PROBLEM REQUIREMENTS:
Only the text carries over: repeat the records exactly and drop the images.

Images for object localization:
☆ ☆ ☆ ☆ ☆
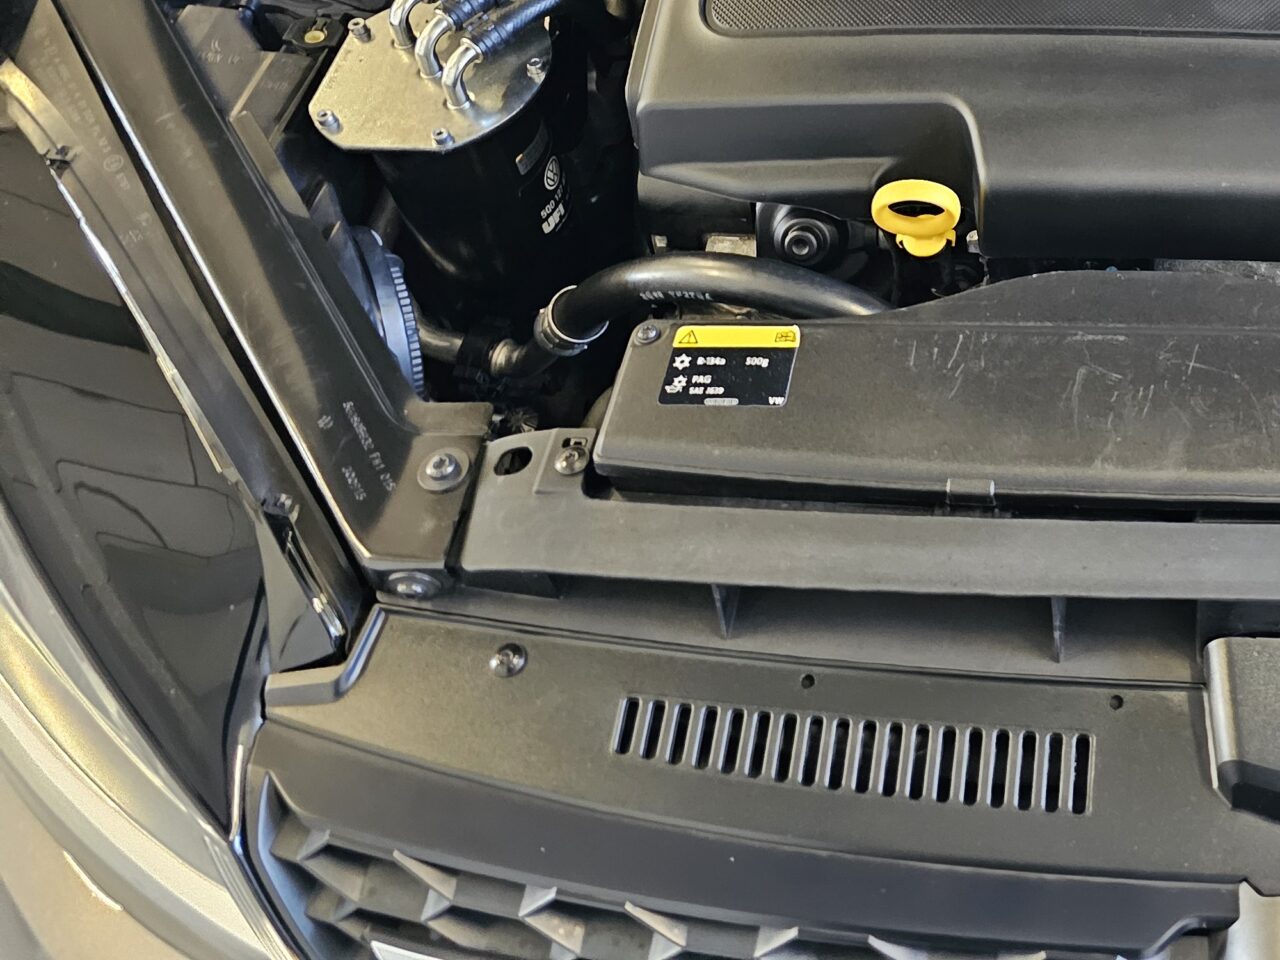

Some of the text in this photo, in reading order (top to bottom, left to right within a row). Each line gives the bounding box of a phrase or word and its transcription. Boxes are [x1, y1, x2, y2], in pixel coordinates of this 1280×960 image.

[542, 203, 565, 234] UFI
[691, 374, 712, 384] PAG
[768, 396, 785, 405] VW
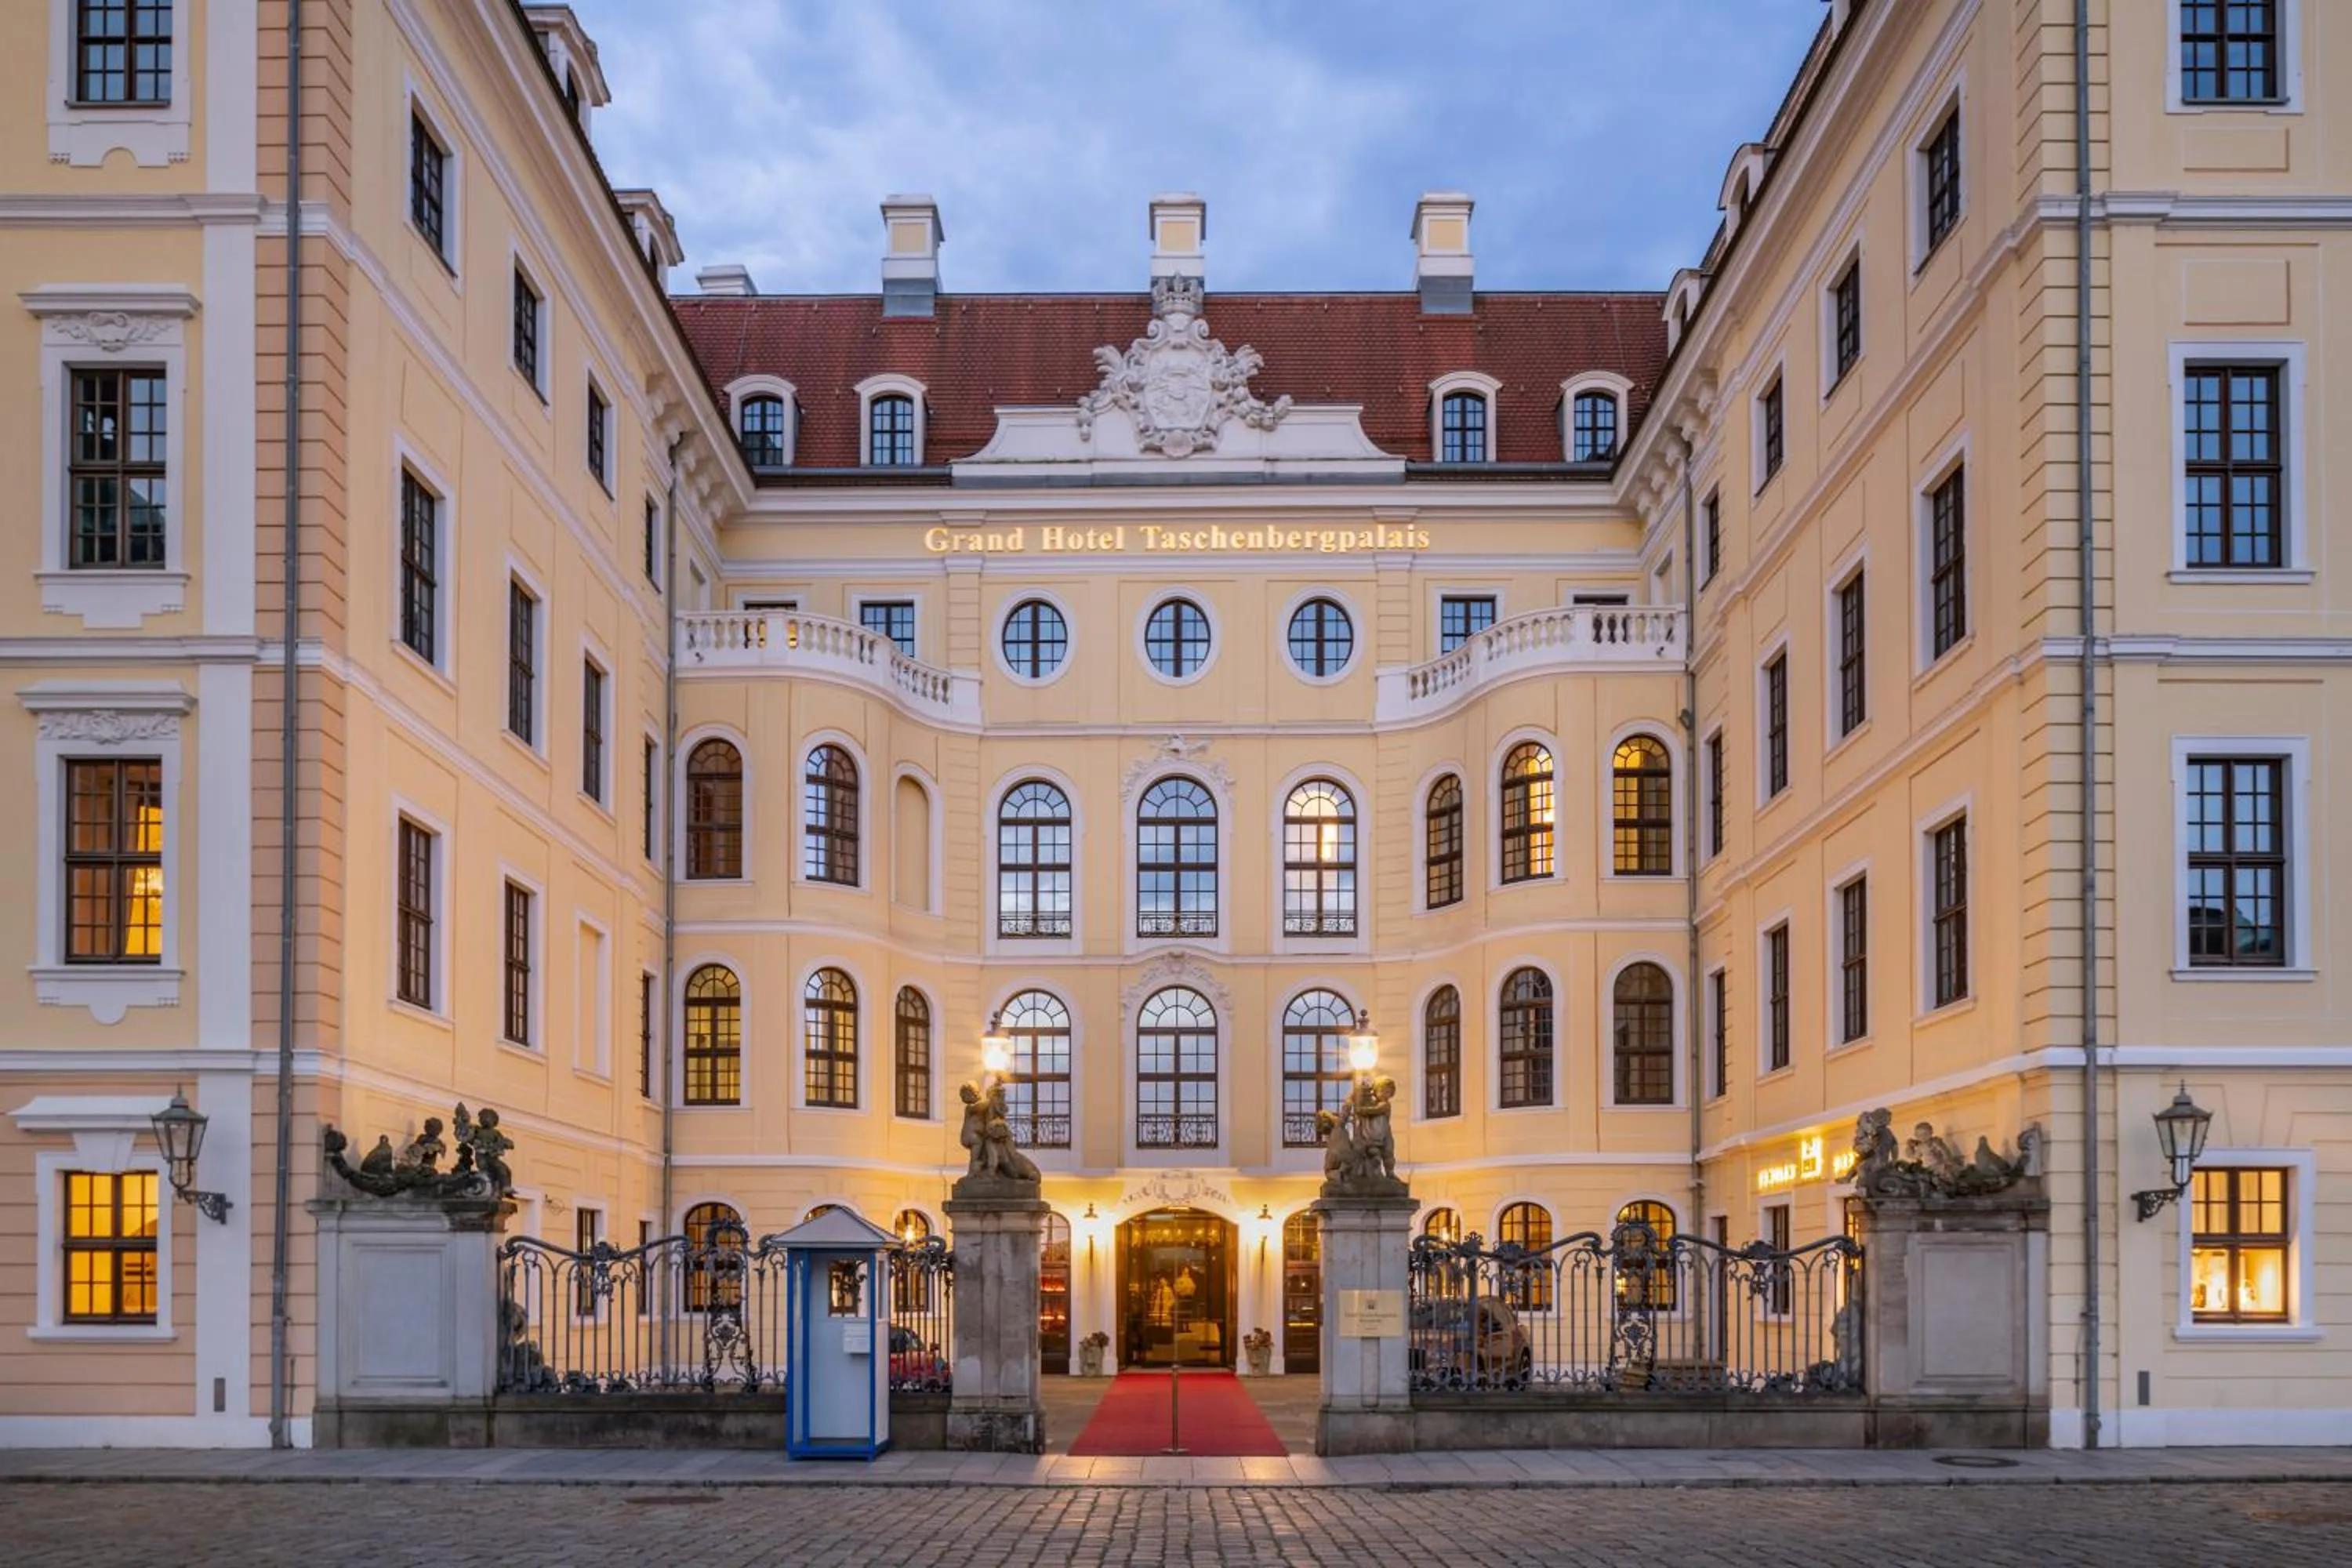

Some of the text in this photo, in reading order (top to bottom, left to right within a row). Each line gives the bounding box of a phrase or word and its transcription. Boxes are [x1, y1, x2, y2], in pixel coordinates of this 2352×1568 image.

[924, 524, 1430, 552] Grand Hotel Taschenbergpalais
☆ ☆ ☆ ☆ ☆
RESULT OF THIS TASK:
Some of the text in this photo, in reading order (top to bottom, left to right within a row). Each line gives the bounding box of a phrase or word and its transcription. Boxes are [x1, y1, x2, y2], in pixel coordinates of this 1280×960 image.

[542, 203, 565, 234] UFI
[691, 374, 712, 384] PAG
[768, 396, 785, 405] VW

Some of the text in this photo, in reading order (top to bottom, left to right within a row). Each line gives the bounding box of a phrase or word and its transcription. Boxes are [x1, y1, x2, y2], in pixel coordinates of this 2352×1568 image.

[924, 524, 1430, 552] Grand Hotel Taschenbergpalais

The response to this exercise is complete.